The original plan was based on a fairly low savings rate, and I have since revised the plan. By upping my savings rate, I was able to cut down the time to (lean) FI from 15 years to 13 years (even lowering my goal return to 7.1% at the same time). This is all very fine and dandy, because it gives me concrete yearly targets (which I’m currently on target to reach). – However, this approach obviously also have its downside(s); by setting these targets, and sticking to predicable assets, my chances of reaching FI sooner than expected is slim. Being that I’m still fairly young (36. – If you’re 20 and reading this, you might disagree! In that case: FU 😛 ), I really should take a little more risk, and attempt to earn substantially more than 7.1% on my investments. Given the last 10 years of bull-run in the stock market, it wouldn’t have been difficult to find a handful of stocks, which would have yielded me a 50%+ return.

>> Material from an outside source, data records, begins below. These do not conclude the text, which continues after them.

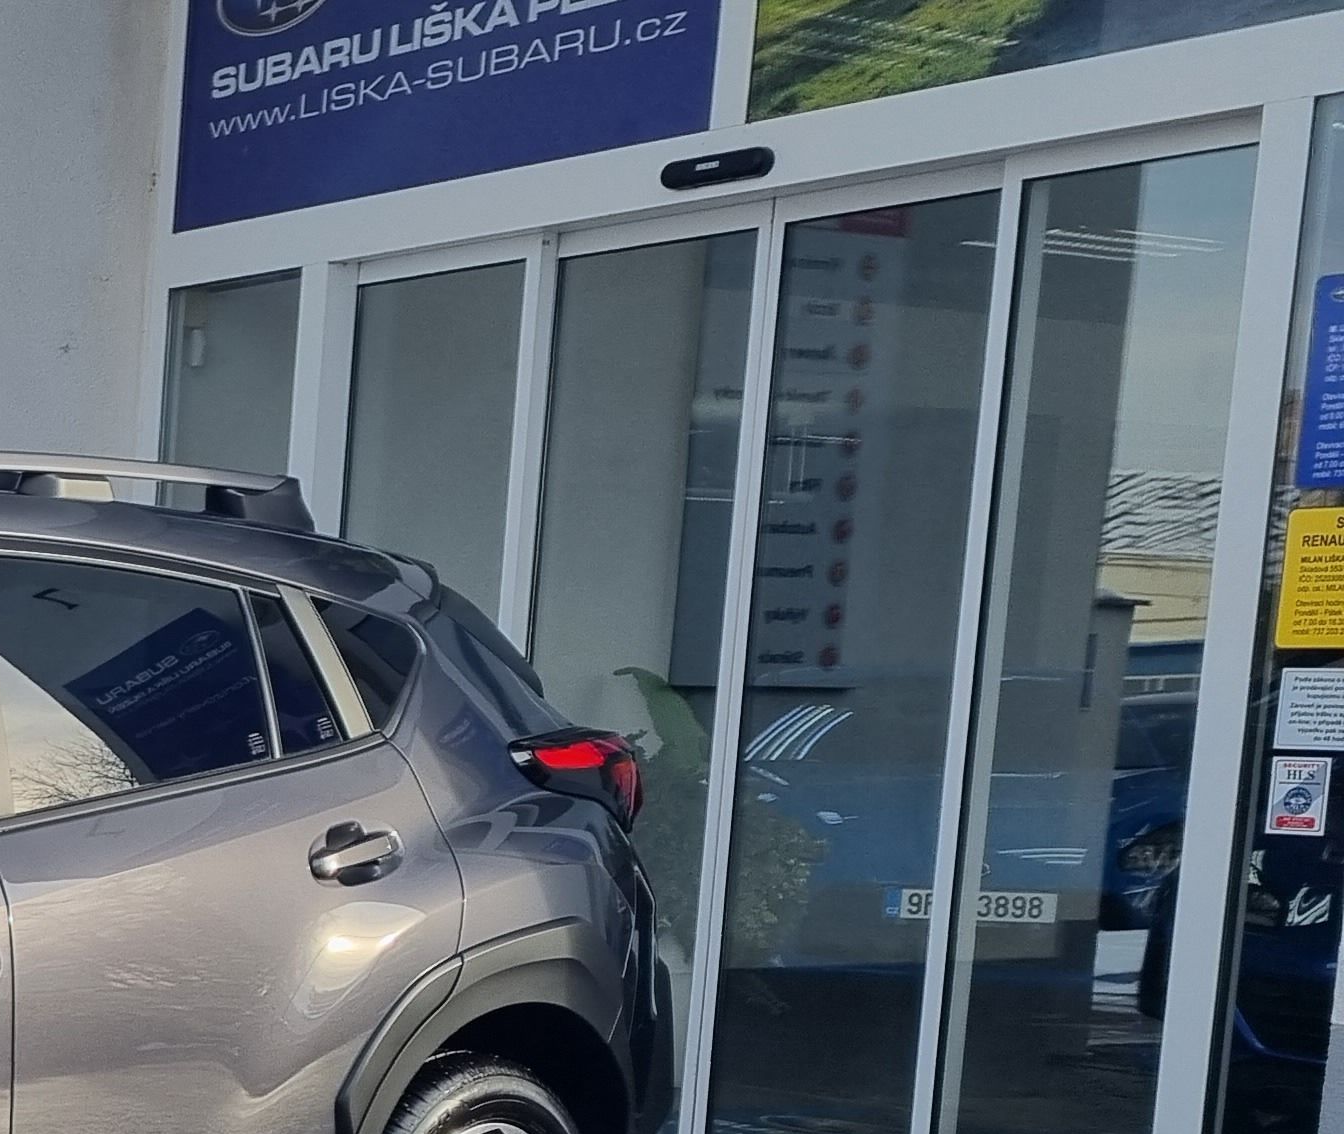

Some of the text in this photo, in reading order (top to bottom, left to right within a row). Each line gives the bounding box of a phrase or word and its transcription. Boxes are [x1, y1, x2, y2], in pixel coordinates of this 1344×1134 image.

[208, 10, 689, 140] www.LISKA-SUBARU.cz
[210, 30, 381, 101] SUBARU
[388, 2, 520, 56] LIŠKA
[977, 894, 1045, 919] 3898
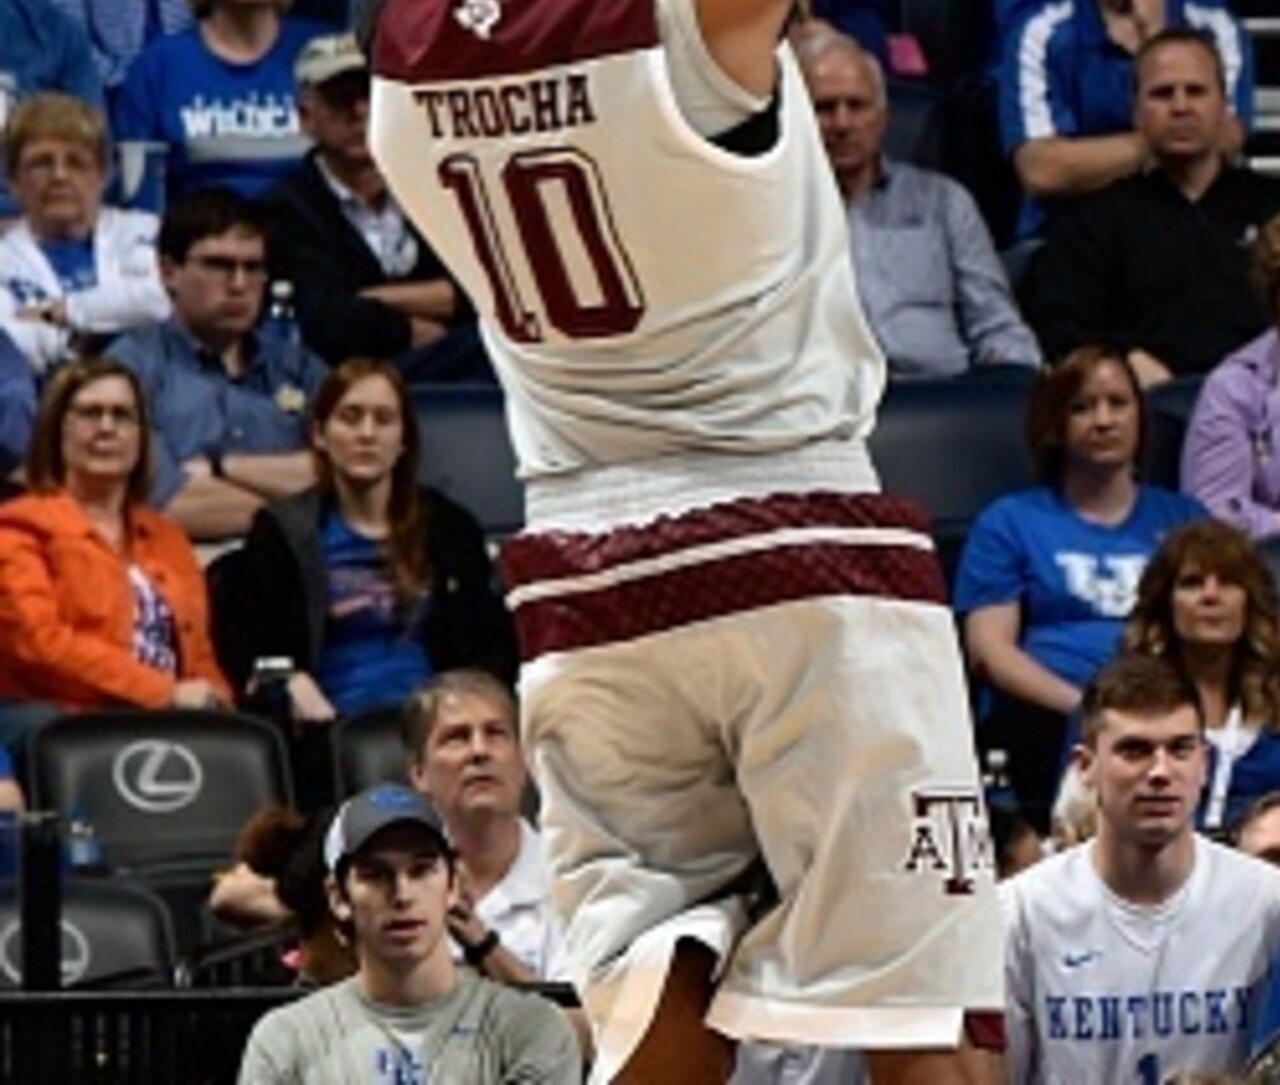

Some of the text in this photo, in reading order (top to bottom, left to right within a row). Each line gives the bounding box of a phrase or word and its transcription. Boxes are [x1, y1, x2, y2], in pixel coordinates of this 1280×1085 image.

[413, 74, 597, 138] TROCHA
[437, 147, 646, 343] 10
[1046, 987, 1254, 1040] KENTUCKY
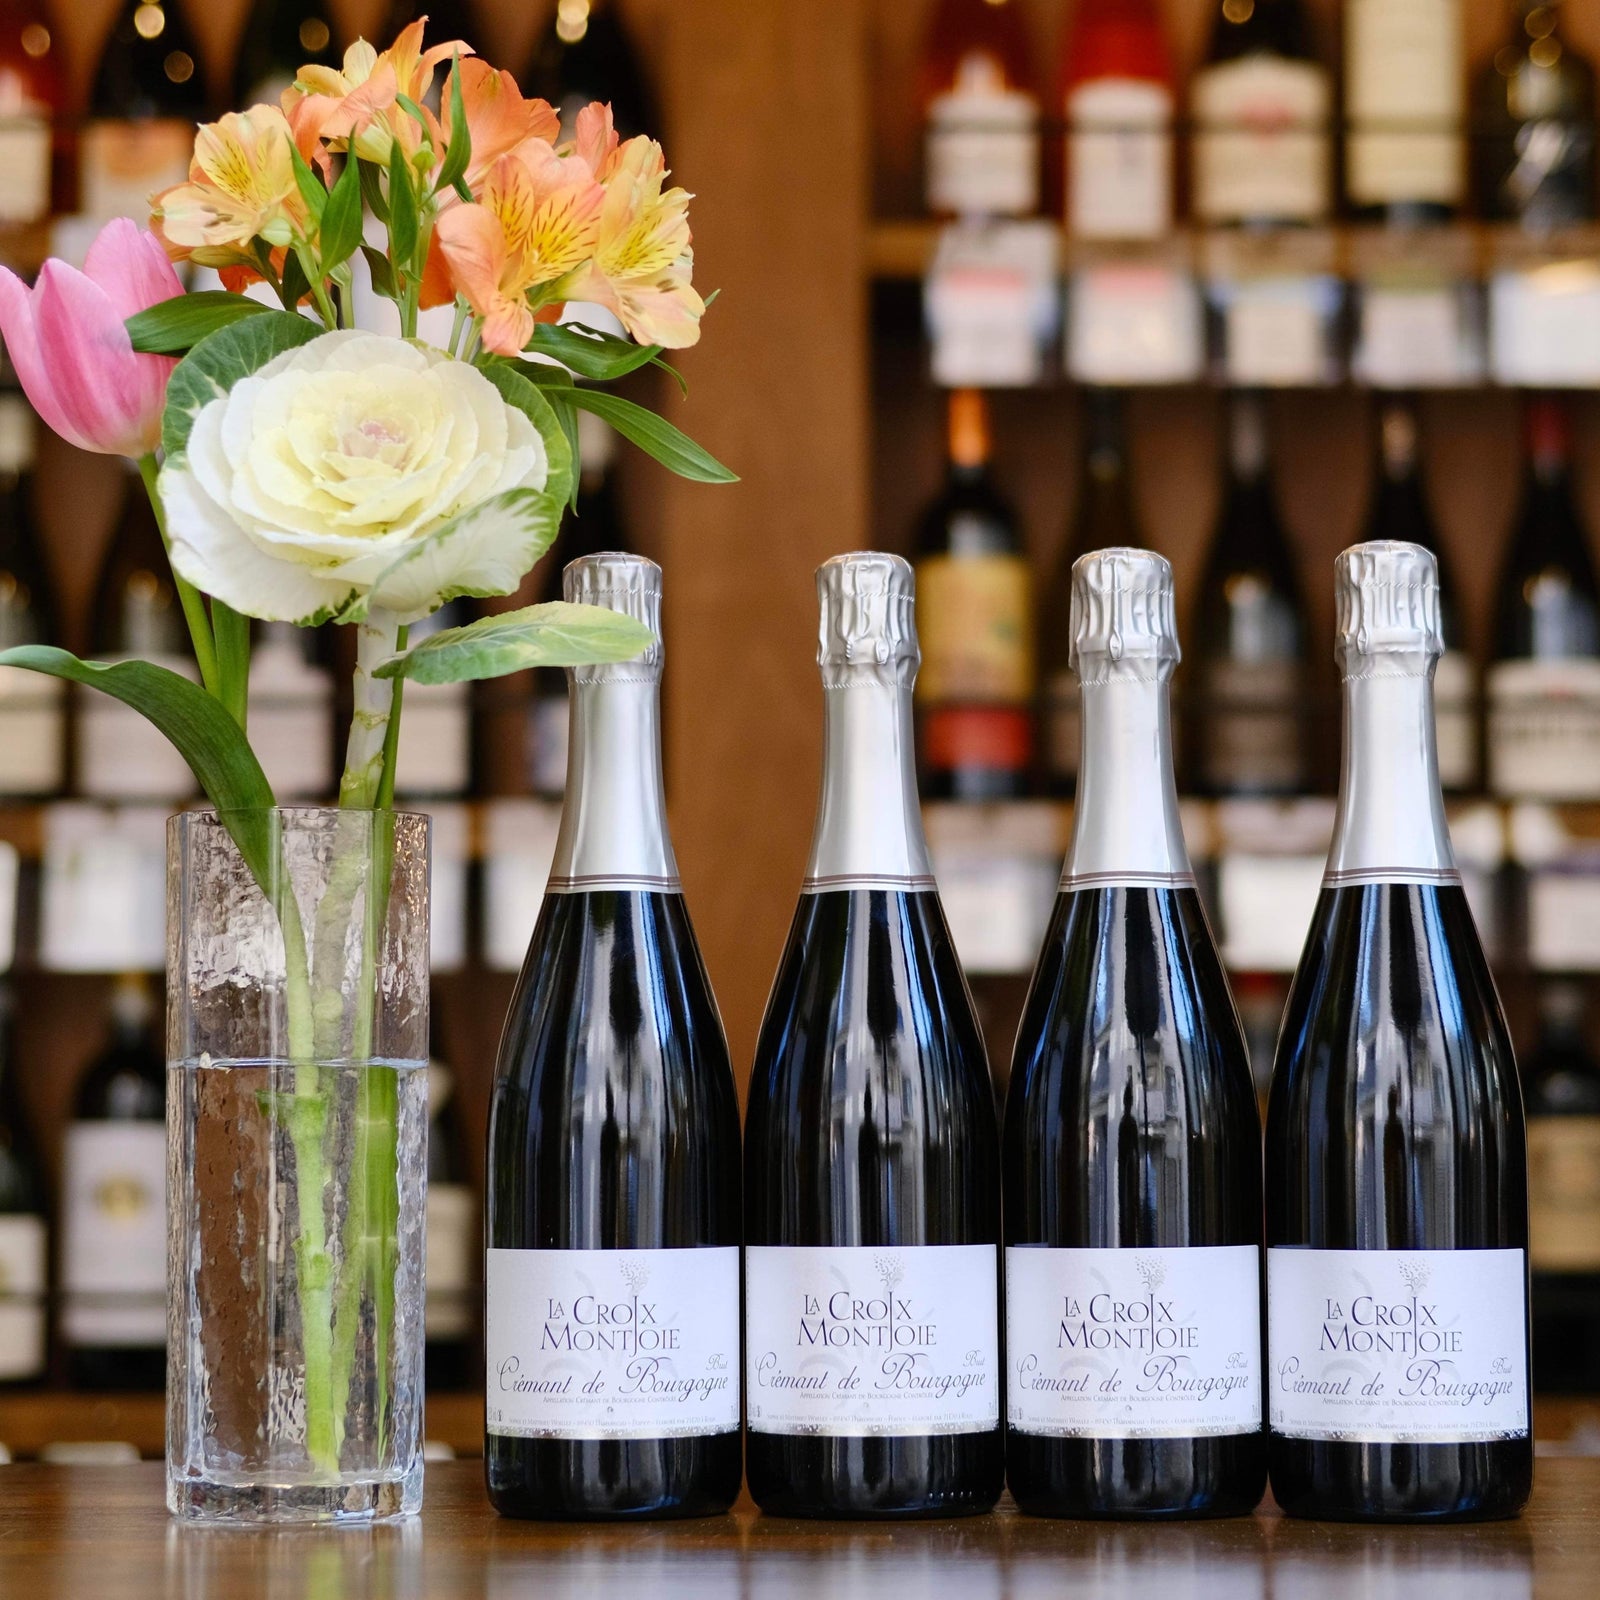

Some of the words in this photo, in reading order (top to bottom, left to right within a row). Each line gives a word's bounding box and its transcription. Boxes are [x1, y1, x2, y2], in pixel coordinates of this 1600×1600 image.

[548, 1299, 564, 1319] LA
[804, 1295, 820, 1315] LA
[1064, 1297, 1081, 1317] LA
[1326, 1299, 1343, 1319] LA
[541, 1322, 680, 1357] MONTJOIE
[796, 1318, 937, 1353] MONTJOIE
[1057, 1320, 1198, 1355] MONTJOIE
[1319, 1322, 1462, 1359] MONTJOIE
[497, 1356, 572, 1393] Crémant
[582, 1370, 605, 1394] de
[619, 1357, 729, 1402] Bourgogne
[755, 1352, 828, 1389] Crémant
[838, 1366, 860, 1389] de
[875, 1353, 985, 1398] Bourgogne
[1016, 1354, 1089, 1392] Crémant
[1099, 1368, 1122, 1392] de
[1136, 1355, 1249, 1401] Bourgogne
[1278, 1356, 1351, 1396] Crémant
[1362, 1372, 1384, 1396] de
[1399, 1360, 1513, 1406] Bourgogne

Of course, this is all hindsight bias. You can’t predict what’s going to happen in the market (and this is one of the main reasons why I prefer the more predictable asset types). – Or can you?!
A while back, I stumbled on this post, from one of the “founding fathers” of the FIRE movement, J.D. Roth from GetRichSlowly.org. I don’t often read posts from one of “the originals”, as I feel more inspired by my fellow “FIRE-starters”, whom I can easily relate to. However, this particular post caught my attention, as it included a graph of the “History of U.S. Bull and Bear Markets since 1926”, in a uniquely represented fashion that really put things into perspective. Here it is (borrowed from First Trust):
Since 1926 the US stock market has had 9 different periods of bull markets, with an average length of 9.1 years, each period averaging a cumulative total return of a staggering 476%. Meanwhile, in the same period the US stock market only went through 8 periods of bear markets, with an average length of just 1.4 years and an average cumulative loss of -41%.
It’s worth noting on the graph above that the Bull market periods range from 2.5 years to 15.1 years, which is a difference of more than 12 years from the longest period to the shortest. The Bear market periods on the other hand, is a lot shorter, ranging from 3 months to 2.8 years. A difference of only 2.5 years. So assuming that history can be used as a reference to predict the future (it can’t – but lets just pretend that it could), we could predict that a bear market is now imminent (based on the fact that the current Bull market has now run for more than 10 years – which is above average). On the other hand, the longest historical Bull run was 15.1 years, meaning another 5 years of Bull market would not be unusual, in a historical context…
If we take the average of the 5 longest periods of Bull runs since 1926 (including the current one), we would get an average of just above 13 years.
So, is it likely that the current Bull market is going to end within the next 3-5 years?
Based on the history: YES.
Based on our current situation: YOU CAN’T PREDICT THE FUTURE, BASED ON THE PAST – YOU IDIOTS!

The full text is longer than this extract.